The percentiles and normalized T scores of the profile

were derived from data provided by 665 teachers in grades 1

through 10 regular classrooms who completed the Teacher

Report Form (TRF) on one randomly selected boy and girl in

their classes. These data were obtained in 1981-82 from

teachers in public and parochial schools in Omaha,

Nebraska, Nashville, Tennessee, and Pittsburgh,

Pennsylvania.

Teachers are asked to rate responses to 118 items

related to behavior problems, academic performance, and

adaptive functioning which includes how hard the child is

working, how appropriately he or she is working, how

appropriately he or she is behaving, how much he or she is

learning, and how happy he or she is.

The validity and reliability of the instrument are

described in the administration manual (Achenbach &

Edelbrock, 1983). Pearson correlations for test-retest

reliability are generally in the high .80s and .90s, with

minimal changes in mean scores over the test-retest

reliability periods. Sensitivity to longer-term change in

treated children has been evident in significant declines








in problem scores over periods of 3, 6, and 18 months.

Pearson correlations for agreement between mothers and

fathers and between teachers are in the .60s and .70s.

Discriminate validity has been demonstrated by significant

differences between item and scale scores for

demographically matched referred and nonreferred children.

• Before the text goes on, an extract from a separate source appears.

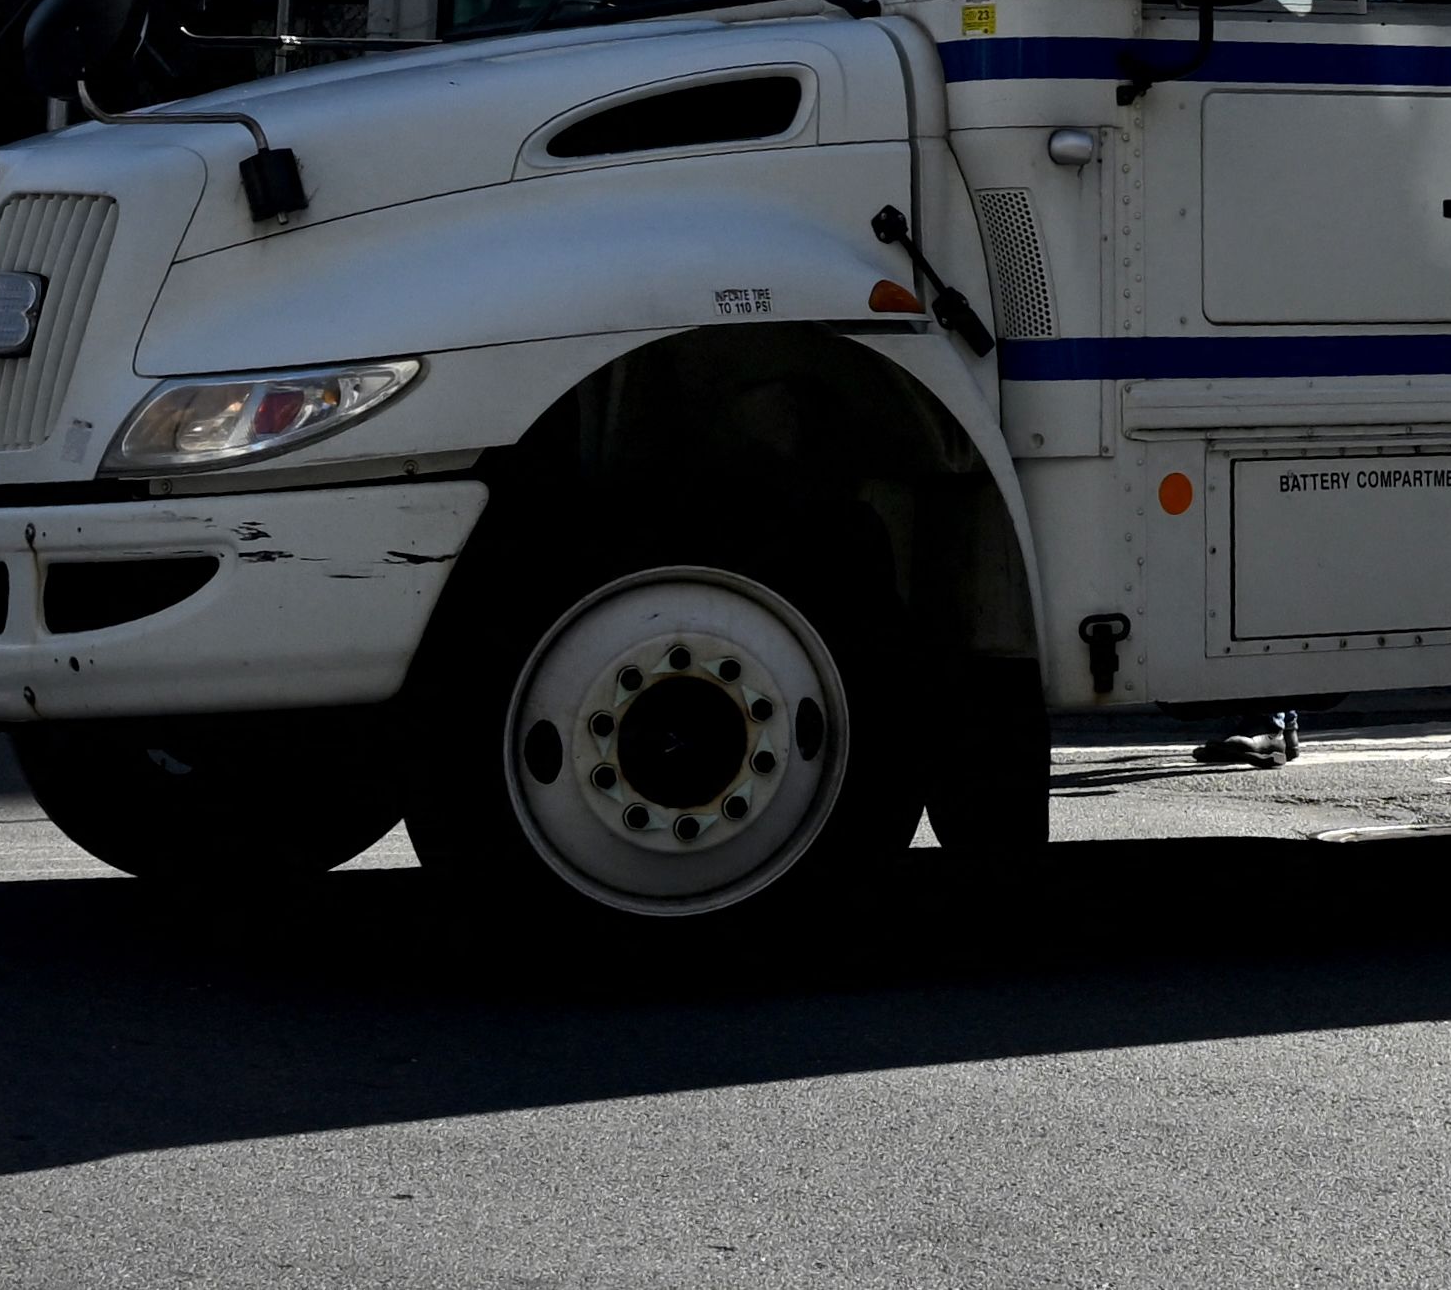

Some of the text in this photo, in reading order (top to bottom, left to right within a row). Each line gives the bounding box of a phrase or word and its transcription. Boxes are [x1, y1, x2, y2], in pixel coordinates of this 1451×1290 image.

[718, 300, 772, 314] TO 110 PSI
[1279, 472, 1350, 493] BATTERY

Numerous studies of clinical, epidemiological, and research

applications of the assessment procedures are underway in

several countries.

The teachers of each of the students in this study

completed the Teacher Report Forms.

Children's Beliefs About Parental Divorce

The Children's Beliefs About Parental Separation Scale

(CBAPS) was used to assess children's problematic beliefs

regarding parental divorce.

The Children's Beliefs About Parental Separation
Scale (CBAPS) began as a 52-item projective test
(Kelly & Berg, 1978). It was then revised into a
70-item yes/no objective scale (Kurdek & Berg,
1983). The current (1987) 36-item version was
developed by item analysis of the 70-item version
and by rewriting several items to control for a
yes/no response set. The CBAPS contains six items
for each of six belief domains (subscales) that
were selected on the basis of the problematic
beliefs cited in clinical literature (Gardner,
1976; Kelly & Berg, 1978; Mendell, 1983;
Wallerstein, 1983). (Kurdek & Berg, 1987, p. 712)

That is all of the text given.